La nouvelle réforme « progressiste » du travail doit être confrontée à la lutte des classes
Le nouveau règlement, comme il est évident, ne représente aucune sorte d’abrogation de la réforme du travail de 2012, mais est une nouvelle réforme de droite, qui maintient l’essence du schéma de précarité, de super-exploitation et de licenciements massifs institué par les précédentes réformes du PP et du PSOE. Seulement, dans ce cas, il est présenté dans un emballage « progressiste ».
Le pacte entre le gouvernement PSOE-UP, les patrons et les bureaucraties syndicales est une nouvelle escroquerie à laquelle il faut répondre par un syndicalisme combatifs.
Malgré le discours excessif du gouvernement, en particulier de son « aile gauche » dirigée par la ministre du travail Yolanda Díaz, la nouvelle règle préserve les pires conditions de travail imposées par le capitalisme espagnol au cours des deux dernières décennies.
Dans un contexte croissant d’une résistance ouvrière, les travailleurs en lutte dénoncent la précarité et le despotisme des patrons qui, avec le gouvernement et avec la complicité de la bureaucratie syndicale, veulent les appauvrir encore plus.

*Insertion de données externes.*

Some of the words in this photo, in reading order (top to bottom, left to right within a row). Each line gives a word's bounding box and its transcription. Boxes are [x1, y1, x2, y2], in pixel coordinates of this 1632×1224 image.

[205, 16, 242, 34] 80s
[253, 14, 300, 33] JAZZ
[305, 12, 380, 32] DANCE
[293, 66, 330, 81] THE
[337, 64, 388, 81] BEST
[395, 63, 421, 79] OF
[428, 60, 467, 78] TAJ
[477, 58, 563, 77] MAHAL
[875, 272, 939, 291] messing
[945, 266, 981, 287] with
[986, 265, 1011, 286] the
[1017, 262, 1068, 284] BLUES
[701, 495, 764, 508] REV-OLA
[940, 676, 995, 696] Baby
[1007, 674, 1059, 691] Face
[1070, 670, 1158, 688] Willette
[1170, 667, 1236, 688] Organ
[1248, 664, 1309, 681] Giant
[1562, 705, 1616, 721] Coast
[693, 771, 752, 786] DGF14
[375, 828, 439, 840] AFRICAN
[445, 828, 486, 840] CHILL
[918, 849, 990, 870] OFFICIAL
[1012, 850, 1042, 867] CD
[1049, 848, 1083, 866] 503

Le gouvernement « progressiste » s’est entendu avec les patrons et les bureaucraties syndicales pour une nouvelle réforme du travail qui laisse intact les aspects les plus néfastes des précédentes réformes et qui constitue une nouvelle carte blanche pour les patrons. Pendant ce temps, ces derniers mois, une augmentation drastique des prix érode le niveau de vie de larges secteurs de la classe ouvrière. Rien qu’en novembre, l’IPC (Indice des prix à la consommation) a dépassé 5,5 % et l’Espagne est sur le point de terminer l’année avec le taux d’inflation le plus élevé de ces 30 dernières années.
Dans cette situation, il s’agit désormais de faire payer aux travailleurs les conséquences de la crise pandémique afin que les entreprises puissent continuer à dégager des marges bénéficiaires toujours plus importantes.
À l’heure où les salaires de la majorité de la population ne couvrent pas le coût réel de la vie, les grandes entreprises continuent de réaliser d’énormes bénéfices. Alors que le coût des produits de base augmentait jusqu’à 5,5 % de plus pour les familles, les entreprises de l’IBEX35 engrangeaient 3 % de bénéfices supplémentaires (données d’octobre).
Nous avons assisté à une résurgence des luttes ouvrières au cours des dernières semaines. Depuis la grève emblématique du secteur métallurgique de Cadix, les travailleurs du nettoyage de la même province et ceux de Castellón, les travailleurs socio-sanitaires de la SAD qui ont campé devant le ministère du Travail, les travailleurs d’Inditex, les travailleurs de Pilkington, les travailleurs des conserveries de Bizkaia et bien d’autres luttes qui, avec plus ou moins d’intensité, ont ramené la classe ouvrière dans les grands débats médiatiques ces dernières semaines.
Face à cette nouvelle vague de luttes réclamant leurs droits, l’actuel gouvernement PSOE-UP a montré de quel côté il se situe. Pour beaucoup de ces travailleurs, le ministre du travail communiste, la police nationale et toute l’équipe gouvernementale se trouvaient de l’autre côté de la tranchée pour tenter d’écraser leurs revendications. Dans le cas de la grève exemplaire des métallurgistes à Cadix ou de la grève de Tubacex, les travailleurs ont du faire face à la violence et à la répression déclenchées par la coalition gouvernementale.
La conclusion fondamentale est simple : ce n’est pas des bureaux ministériels des néo-réformistes qui ont pactisé avec l’IBEX35 (le CAC40 espagnol) et la CEOE (le MEDEF espagnol) que viendront les améliorations des conditions de vie de la classe ouvrière. Le seul moyen qui peut vraiment tordre le bras des patrons est la lutte des classes.